Por Luciana Bertolaccini y Cecilia Villani | Especial para El Corán y el Termotanque

La versatilidad del agua o el cambio de sus cursos pueden dar lugar a distintos soportes en los que se desarrollen escenarios de vida. Estrategias pensadas, más o menos ensayadas, que buscan darle alguna forma a –o contener– lo impredecible, incluso cuando ello implique un desmoronamiento. El agua, muchas veces, tiene la forma de la muerte. Pero, a contrapelo de lo que nos adelanta Patas de rana, las estrategias acuáticas, antes que posibles escudos contra una muerte que pareciera poderlo todo, se imponen como fugas ante el fracaso de la vida.

El libro, cuyo título no iba a ser tal, aparece en 2010 como la primera novela de la abogada y escritora Amanda Poliéster, seudónimo de María Laura Martínez. Un mundo acuático que nos muestra el transcurrir en la vida de un grupo de tres amigas y un amigo. Toda acción la vemos tamizada a través de los pensamientos de solo tres de esos personajes. Un compendio de monólogos interiores que nos permiten ver cualquier escena desde tres puntos de vistas diferentes. Complementarios.

El agua también es la gran protagonista de este relato. Un club, un instructor de buceo, clases de natación, la pileta. Los pliegues de la historia sobrevienen en un desdoblamiento que conjuga la vida en un abajo, como materia de lo ficticio, lugar del verdadero uno, el fondo de una pileta desde donde se ven las tes negras, equidistantes: «Un mundo más azul y en cámara lenta, sólo piernas, nalgas, partes de torsos ralentizando los movimientos.», y un arriba, a modo de superficie, aquello que se ve, la ficción misma que asume su densidad por medio de una realidad falseada. Dos mundos que se oponen, en donde las armas parecen estar bien identificadas: «esta es una guerra que sucede en tierra firme». O mejor dicho, una arquitectura de la farsa. Los personajes parecen habitar entre ambos suelos en un intento anfibio por permanecer mojados hasta que se evapore la última gota de agua y transformarse en « esta cosa seca que se va».

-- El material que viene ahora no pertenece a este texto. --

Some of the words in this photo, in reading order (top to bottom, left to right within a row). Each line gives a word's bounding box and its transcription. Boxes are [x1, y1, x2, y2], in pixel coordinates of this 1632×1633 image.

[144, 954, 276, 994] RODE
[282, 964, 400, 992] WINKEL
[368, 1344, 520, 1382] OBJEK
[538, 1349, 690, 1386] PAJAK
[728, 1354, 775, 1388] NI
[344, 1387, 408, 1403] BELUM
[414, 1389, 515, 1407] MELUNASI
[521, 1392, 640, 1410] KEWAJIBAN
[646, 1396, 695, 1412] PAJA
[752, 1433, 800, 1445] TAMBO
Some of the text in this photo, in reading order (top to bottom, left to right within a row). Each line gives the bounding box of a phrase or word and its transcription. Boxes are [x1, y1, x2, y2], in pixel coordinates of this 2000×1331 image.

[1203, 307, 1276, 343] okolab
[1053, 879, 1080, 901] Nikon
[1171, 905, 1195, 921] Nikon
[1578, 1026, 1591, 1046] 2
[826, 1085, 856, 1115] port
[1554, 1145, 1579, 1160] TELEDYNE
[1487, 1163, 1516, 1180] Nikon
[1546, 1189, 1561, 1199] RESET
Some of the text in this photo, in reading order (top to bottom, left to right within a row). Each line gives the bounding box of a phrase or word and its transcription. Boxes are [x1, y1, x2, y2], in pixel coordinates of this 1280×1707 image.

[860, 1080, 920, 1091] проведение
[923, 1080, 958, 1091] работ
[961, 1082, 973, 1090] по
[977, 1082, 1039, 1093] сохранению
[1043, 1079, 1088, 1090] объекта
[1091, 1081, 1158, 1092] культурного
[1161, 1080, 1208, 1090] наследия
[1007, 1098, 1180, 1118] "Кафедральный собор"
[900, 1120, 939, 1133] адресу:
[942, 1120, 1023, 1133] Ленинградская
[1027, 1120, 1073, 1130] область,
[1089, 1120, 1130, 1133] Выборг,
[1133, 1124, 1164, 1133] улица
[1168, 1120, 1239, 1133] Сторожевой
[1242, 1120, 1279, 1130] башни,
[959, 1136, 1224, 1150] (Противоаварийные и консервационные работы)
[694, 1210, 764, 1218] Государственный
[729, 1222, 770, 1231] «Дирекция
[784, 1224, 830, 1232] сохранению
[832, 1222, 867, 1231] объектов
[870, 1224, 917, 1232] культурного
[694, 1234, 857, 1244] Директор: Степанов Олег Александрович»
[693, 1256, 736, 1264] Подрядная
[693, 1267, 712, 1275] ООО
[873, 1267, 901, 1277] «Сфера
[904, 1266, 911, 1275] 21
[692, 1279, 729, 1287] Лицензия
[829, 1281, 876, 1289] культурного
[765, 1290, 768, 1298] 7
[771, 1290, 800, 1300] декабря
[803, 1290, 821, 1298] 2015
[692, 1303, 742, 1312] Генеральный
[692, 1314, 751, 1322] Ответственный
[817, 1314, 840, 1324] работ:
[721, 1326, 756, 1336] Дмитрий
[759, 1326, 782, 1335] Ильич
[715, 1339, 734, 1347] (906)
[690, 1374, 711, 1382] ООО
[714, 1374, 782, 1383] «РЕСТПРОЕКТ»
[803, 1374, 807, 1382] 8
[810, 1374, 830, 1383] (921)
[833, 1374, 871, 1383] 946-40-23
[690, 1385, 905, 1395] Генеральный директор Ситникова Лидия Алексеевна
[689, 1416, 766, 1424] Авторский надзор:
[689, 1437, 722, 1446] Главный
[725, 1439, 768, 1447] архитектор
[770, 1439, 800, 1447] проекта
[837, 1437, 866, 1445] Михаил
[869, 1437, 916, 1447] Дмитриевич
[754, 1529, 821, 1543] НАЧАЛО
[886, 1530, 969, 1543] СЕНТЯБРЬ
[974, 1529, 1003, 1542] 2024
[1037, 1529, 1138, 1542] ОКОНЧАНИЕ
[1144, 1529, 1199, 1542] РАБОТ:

Foto: Editorial Municipal de Rosario

Una predicción adrenalínica se planta al principio: «según sus pronósticos, en tres años el globo sería una gran pileta. Las mujeres parirían en el agua, en el lugar de agentes de tránsito habría buscadores de perlas». Por momentos, arrasa y se manifiesta en su lado más implacable. Pero el agua que logra colarse por cada recodo de la historia parece estar estancada. Existencias que sobrellevan la monotonía de lo previsible. Caminatas en donde se sabe quién será el vecino que se cruzará, un rival al que podemos anticipar la jugada y amantes practicantes de sexo cuyos patrones de movimiento se repiten con una mutación casi imperceptible. Pequeñas hazañas de la vida cotidiana que nada dicen ni nada dejan.

La parálisis por momentos puede cobrar otra densidad: los propios universos que nos construimos para escaparle a la deriva de una nave siempre desviada y cuyo destino es imposible de revelar de antemano. Somos nuestra propia tragedia. Una dramaturgia al servicio de quien la cree, universos mínimos que sólo interesan a quien los protagoniza. Y todo vale: pestañas postizas, maquillaje, dibujos animados, batalla naval «(…)pequeños antídotos contra el vacío».

Alguien escribió alguna vez que «la vida no es más que una sombra en marcha; un mal actor que se pavonea y se agita una hora en el escenario y después no vuelve a saberse de él: es un cuento contado por un idiota, lleno de ruido y de furia, que no significa nada». En horas en las cuales todo parece tambalearse hacia la nada, en que las máscaras están disponibles al mejor postor y donde parece inexorable el nacimiento y resurgimiento de los peores de los mundos, cabe, entonces, la pregunta por cuáles son esos otros mundos necesarios, esos que podemos y debemos reinventar. En suma, cuáles son aquellos en los que deseamos vivir.

 

Patas de rana, de Amanda Poliéster. EMR, 2010.